Making better, faster decisions with data is mission-critical for retailers. Competition in the retail industry is only getting fiercer, and the omnichannel landscape has further increased pressures that retailers face. Ecommerce has sprung new digital transformation initiatives, spurring the rapid growth of data. Fifty-eight percent of retail sales will be digitally impacted by 2023. However, possessing a treasure trove of sales and customer data is one thing; fully harnessing it is quite another. Unfortunately, for many organizations, accessing and analyzing large, complex data sets is no easy feat. In fact, only 13% of organizations say they’re making the most of their available customer data. Here are 3 reasons why retailers are struggling to maximize their data:
1. Big data is often inaccessible to business users
Many existing business intelligence solutions require advanced skills in SQL, leaving retail teams to field requests to experts to query data. This causes bottlenecks and time delays, resulting in slow decision making and undermining retailers’ ability to provide exceptional customer experiences. For example, when it comes to inventory management, shoppers expect to be able to purchase the products they want, when they want them, on the channels they prefer, but reliance on specialized analysts gets in the way of quickly meeting customer needs.
2. Traditional spreadsheets don’t scale for big data
Many retail teams still use traditional spreadsheets as their main tool across all activities, but they don’t scale for big data—the higher the volume of data, the slower the spreadsheet processes, leading to more chances for the data to become corrupted and making it practically impossible to glean valuable insights.
3. Extracting, moving, and combining data is cumbersome and introduces the risk of poor data
The time teams spend on non-value-added tasks like manual data gathering, consolidation, verification, and formatting leaves little room for the type of analysis and strategic planning retailers need to turn data into dollars.
In addition, these workflows bring with them the risks of accidental data manipulation and stale data. Incorrect data leads to inaccurate forecasting and flawed decision making which can have costly consequences. Inaccuracy also impacts your ability to deliver personalized customer experiences.
Fortunately, retailers can now make the most of their data with the combined power of Google Sheets and BigQuery
Retail teams can now bring the power and scale of BigQuery and the familiarity of Google Sheets together with Connected Sheets. Connected Sheets helps retailers harness and collaborate on massive amounts of retail data, making it easier to understand and quickly respond to today’s dynamic landscape. It offers familiar tools like pivot tables, charts, and formulas so you can analyze and visualize large datasets to improve the retail value chain.
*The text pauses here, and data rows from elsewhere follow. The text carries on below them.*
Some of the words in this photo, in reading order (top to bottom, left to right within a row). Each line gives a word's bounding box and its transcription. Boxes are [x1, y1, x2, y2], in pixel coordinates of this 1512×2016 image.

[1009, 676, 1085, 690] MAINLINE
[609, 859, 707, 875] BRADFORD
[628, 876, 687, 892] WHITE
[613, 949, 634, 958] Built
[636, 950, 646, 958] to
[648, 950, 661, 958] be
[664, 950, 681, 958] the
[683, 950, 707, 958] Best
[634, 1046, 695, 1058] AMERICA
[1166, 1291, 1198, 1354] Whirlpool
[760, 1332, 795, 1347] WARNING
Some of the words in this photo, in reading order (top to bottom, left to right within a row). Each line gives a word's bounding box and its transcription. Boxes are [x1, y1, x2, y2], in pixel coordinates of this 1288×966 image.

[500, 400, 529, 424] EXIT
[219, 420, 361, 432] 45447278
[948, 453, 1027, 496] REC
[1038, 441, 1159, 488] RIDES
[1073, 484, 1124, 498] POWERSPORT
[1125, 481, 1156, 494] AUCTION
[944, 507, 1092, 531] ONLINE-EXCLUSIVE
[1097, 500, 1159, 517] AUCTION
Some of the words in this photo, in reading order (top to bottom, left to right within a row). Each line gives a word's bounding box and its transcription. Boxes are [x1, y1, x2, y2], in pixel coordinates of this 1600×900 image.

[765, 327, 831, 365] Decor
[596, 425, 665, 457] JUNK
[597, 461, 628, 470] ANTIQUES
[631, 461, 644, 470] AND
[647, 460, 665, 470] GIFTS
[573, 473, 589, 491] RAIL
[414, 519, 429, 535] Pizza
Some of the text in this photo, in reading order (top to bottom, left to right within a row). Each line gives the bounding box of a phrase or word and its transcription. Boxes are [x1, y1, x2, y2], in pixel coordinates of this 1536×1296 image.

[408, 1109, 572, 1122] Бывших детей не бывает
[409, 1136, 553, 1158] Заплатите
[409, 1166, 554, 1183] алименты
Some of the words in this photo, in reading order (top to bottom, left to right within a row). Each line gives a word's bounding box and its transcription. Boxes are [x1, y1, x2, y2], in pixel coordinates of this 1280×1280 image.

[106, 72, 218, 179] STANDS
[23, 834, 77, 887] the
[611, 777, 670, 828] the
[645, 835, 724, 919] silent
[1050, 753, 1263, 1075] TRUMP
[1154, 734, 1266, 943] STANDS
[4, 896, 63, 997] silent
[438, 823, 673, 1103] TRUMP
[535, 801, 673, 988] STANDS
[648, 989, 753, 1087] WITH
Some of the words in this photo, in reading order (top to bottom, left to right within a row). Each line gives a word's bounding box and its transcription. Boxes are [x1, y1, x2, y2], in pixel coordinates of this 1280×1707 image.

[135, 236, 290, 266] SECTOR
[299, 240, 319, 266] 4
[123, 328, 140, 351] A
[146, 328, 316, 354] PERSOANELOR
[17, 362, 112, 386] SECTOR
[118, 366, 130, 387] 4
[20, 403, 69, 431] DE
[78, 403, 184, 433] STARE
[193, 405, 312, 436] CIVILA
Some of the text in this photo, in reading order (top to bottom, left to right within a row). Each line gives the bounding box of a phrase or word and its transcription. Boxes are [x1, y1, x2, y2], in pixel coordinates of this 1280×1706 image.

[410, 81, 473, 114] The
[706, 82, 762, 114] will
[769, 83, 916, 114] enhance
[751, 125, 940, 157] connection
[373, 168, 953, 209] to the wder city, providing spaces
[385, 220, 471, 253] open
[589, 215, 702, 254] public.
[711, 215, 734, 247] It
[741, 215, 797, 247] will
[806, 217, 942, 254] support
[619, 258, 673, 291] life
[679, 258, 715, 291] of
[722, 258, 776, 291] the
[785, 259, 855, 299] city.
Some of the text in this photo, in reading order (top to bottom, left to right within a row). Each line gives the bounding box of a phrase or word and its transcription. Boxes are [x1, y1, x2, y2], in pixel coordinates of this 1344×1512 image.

Connected Sheets helps retailers drive data-driven decision making by:
1. Democratizing data analytics
With no SQL skills required, Connected Sheets frees everyday business users from the time delays and bottlenecks associated with legacy workflows. Self-service analytics empowers teams by giving them the ability to uncover valuable insights that drive profitable decision making. For example, Connected Sheets enables anyone to easily bring together data from in-store, online, and mobile sources, giving retailers the insights they need to optimize their omnichannel strategy. Compare all your sales channels in the context of your marketing and make data-driven decisions so you can shift your spend and focus for maximum impact, or measure and track eCommerce KPIs from revenue, to shopping cart abandonment, to conversion rates and lifetime customer values.
2. Accelerating speed to insights
Say “goodbye” to manual data gathering. With Connected Sheets, retailers can glean actionable insights faster and quickly respond to market opportunities and areas for improvement with the ability to access, analyze, and visualize billions of rows of BigQuery data in Google Sheets with no performance issues. With improved accuracy and near real-time visibility into inventory levels and product movement, retailers can optimize business processes and achieve frictionless store operations swiftly. For example, quickly pinpoint the source of issues and complaints by analyzing customer feedback and locating supply chain issues. Or, use inventory and POS data to do better on-shelf inventory tracking, clienteling, and supply chain management.
3. Ensuring you have the most-up-to-date data
Retailers need to engage with their customers and adapt to their demands in real time. Connected Sheets makes this easy by enabling event-based, real-time decision making. The live connection to BigQuery means data is easy to refresh and always up-to-date, so you can ensure accurate predictions and demand forecasts, and deliver on-the-mark, personalized customer experiences. For example, drive customer acquisition and retention by accessing and analyzing user behavior data to discover more about what encourages your customers to make buying decisions or quickly update prices based on supply and demand.
Connected Sheets also enables you to spend more time on analysis and strategic planning with scheduled refreshes that improve workflows and streamline reporting and dashboard creation. For example, use scheduled refreshes to automate custom inventory reports for store managers or partners daily (or as often as you’d like).
4. Enabling secure sharing and collaboration
With Google Workspace’s enterprise-grade security, sharing and collaborating on insights is risk-free and easy. You can control permissions to limit who can view, edit, or share, and users can perform analysis in the sheet without fear of jeopardizing the integrity of the data in BigQuery. Share and collaborate on insights cross-functionally to build a data-driven culture and tap into collective intelligence. For example, share dashboards with marketing to help determine the best time to run promotions.